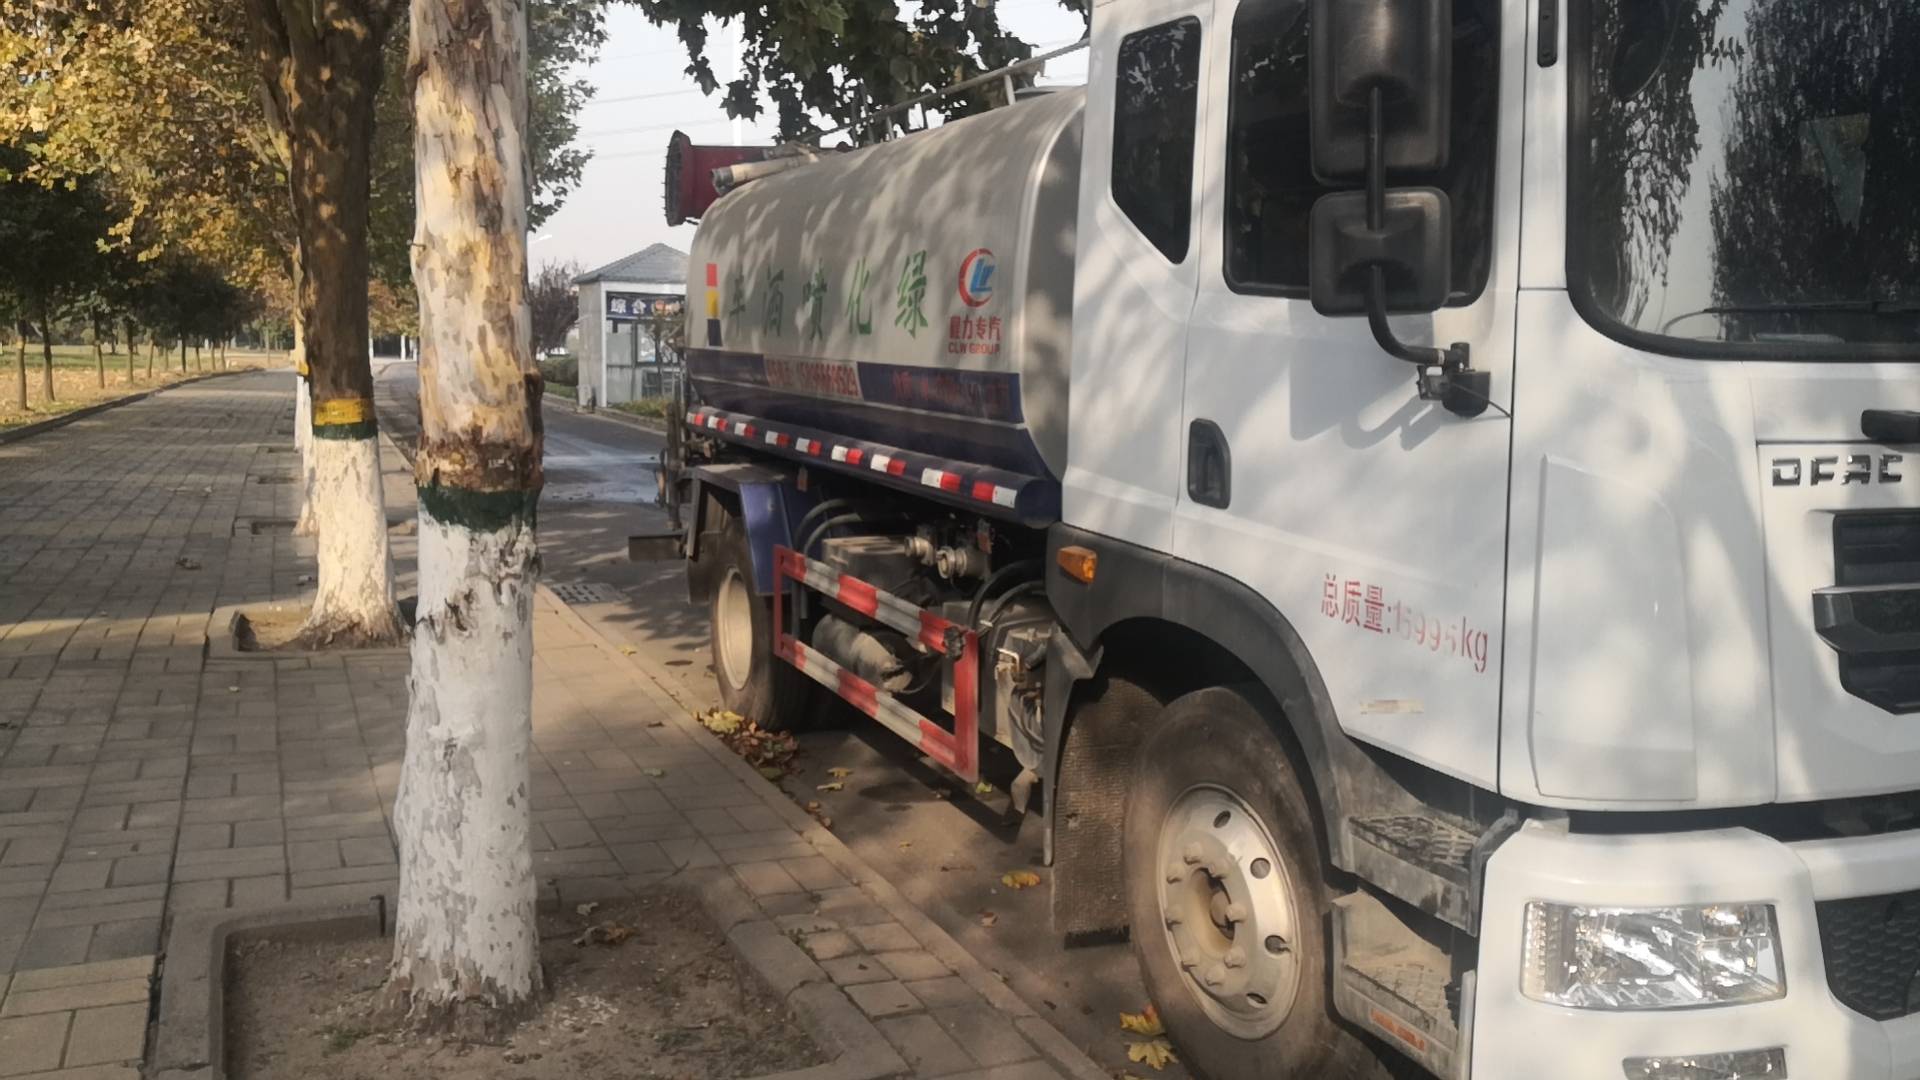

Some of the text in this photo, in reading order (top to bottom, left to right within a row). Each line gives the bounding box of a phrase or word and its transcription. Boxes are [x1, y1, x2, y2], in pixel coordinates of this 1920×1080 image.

[948, 342, 1000, 356] CLW GROUP
[1772, 453, 1904, 487] DFAC
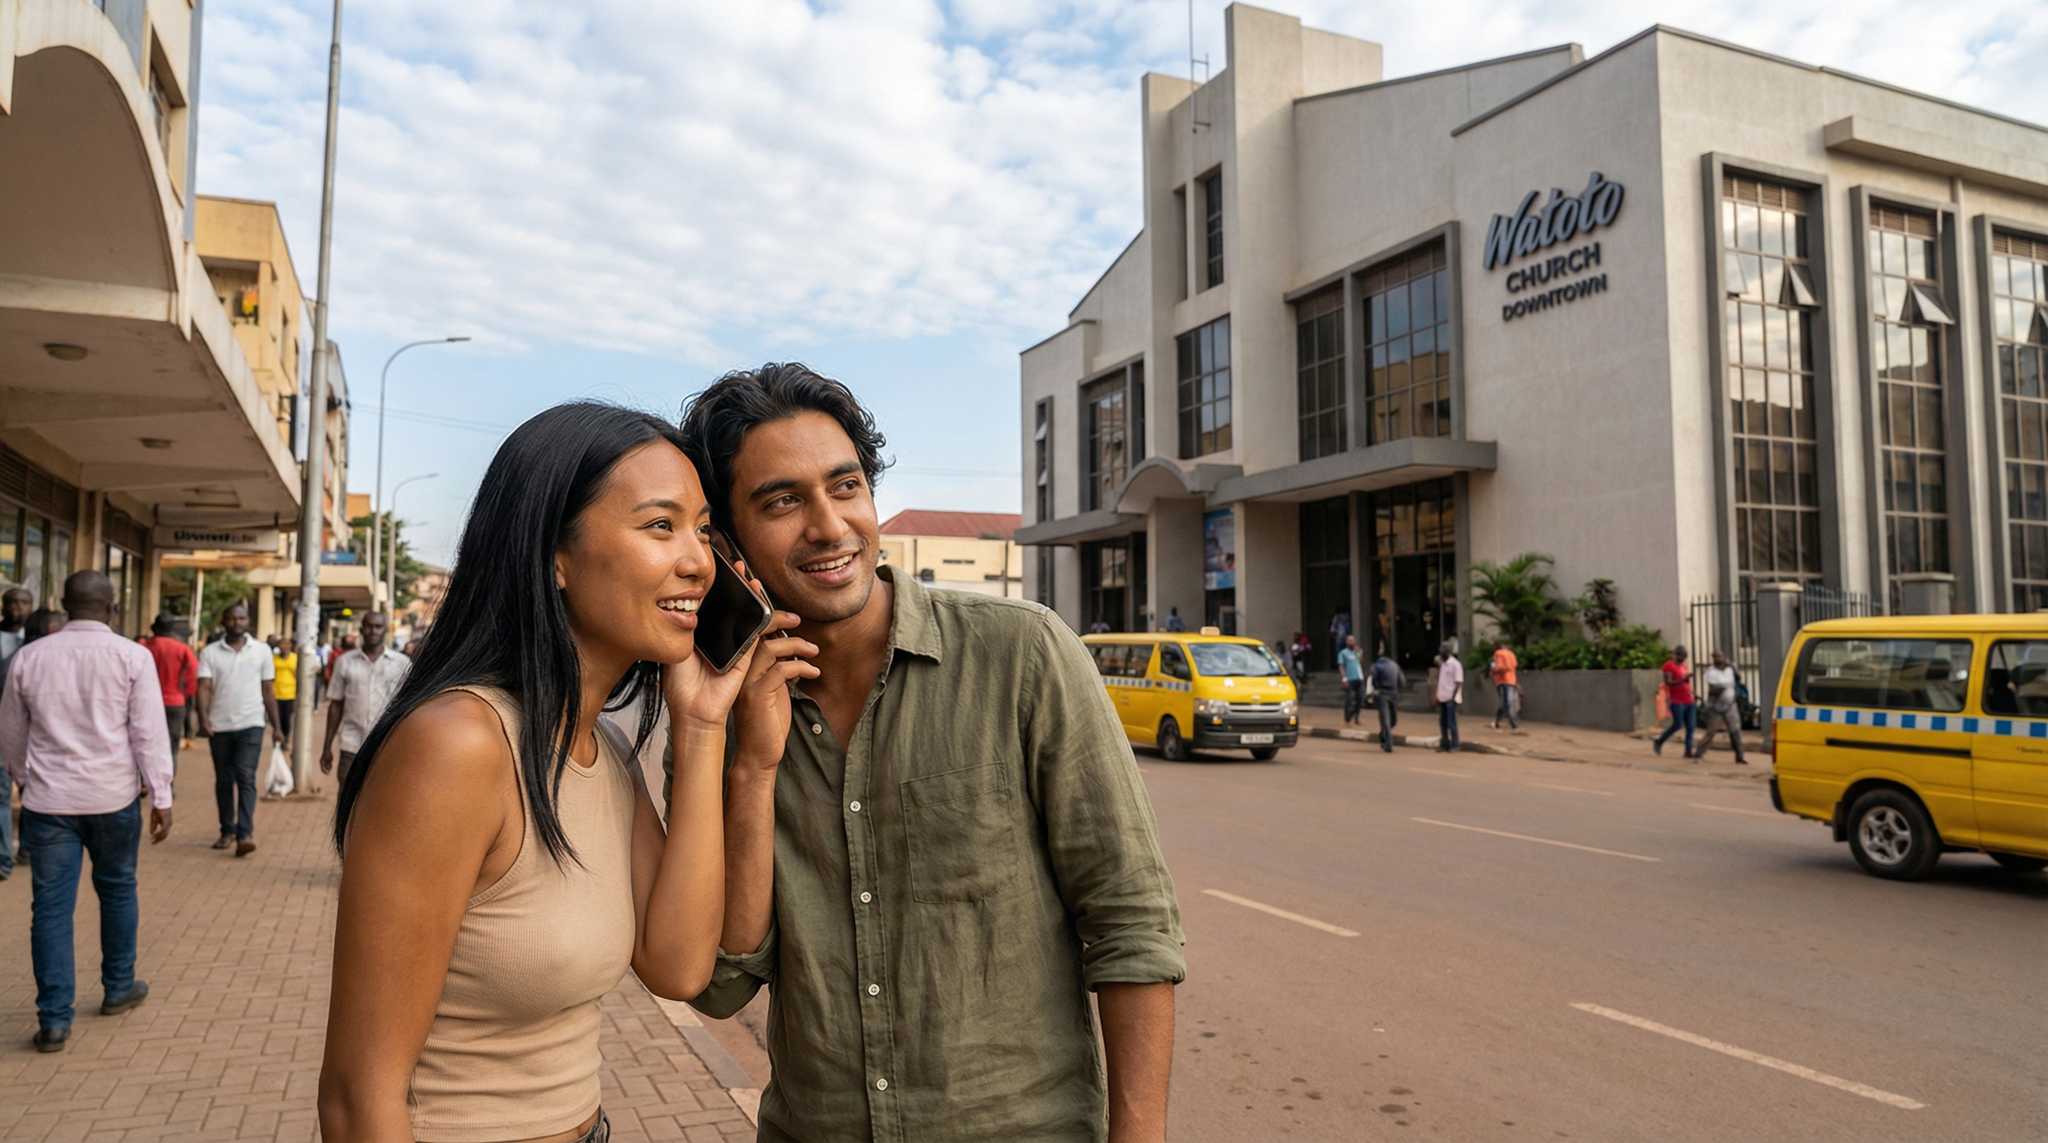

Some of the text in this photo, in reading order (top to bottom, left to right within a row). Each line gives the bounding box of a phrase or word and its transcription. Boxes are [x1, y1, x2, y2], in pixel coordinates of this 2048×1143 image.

[1483, 171, 1625, 271] Watoto
[1506, 242, 1601, 293] CHURCH
[1502, 273, 1608, 322] DOWNTOWN
--------------------
Work to complete
With the images removed, give back every entry exactly as shown.

Result for this exercise
Some of the text in this photo, in reading order (top to bottom, left to right within a row). Each line gives the bounding box of a phrase or word and its transcription. Boxes are [x1, y1, x2, y2], in pixel coordinates of this 1920×1080 image.

[948, 342, 1000, 356] CLW GROUP
[1772, 453, 1904, 487] DFAC

Some of the text in this photo, in reading order (top to bottom, left to right within a row). Each line gives the bounding box of a phrase or word and its transcription. Boxes are [x1, y1, x2, y2], in pixel coordinates of this 2048×1143 image.

[1483, 171, 1625, 271] Watoto
[1506, 242, 1601, 293] CHURCH
[1502, 273, 1608, 322] DOWNTOWN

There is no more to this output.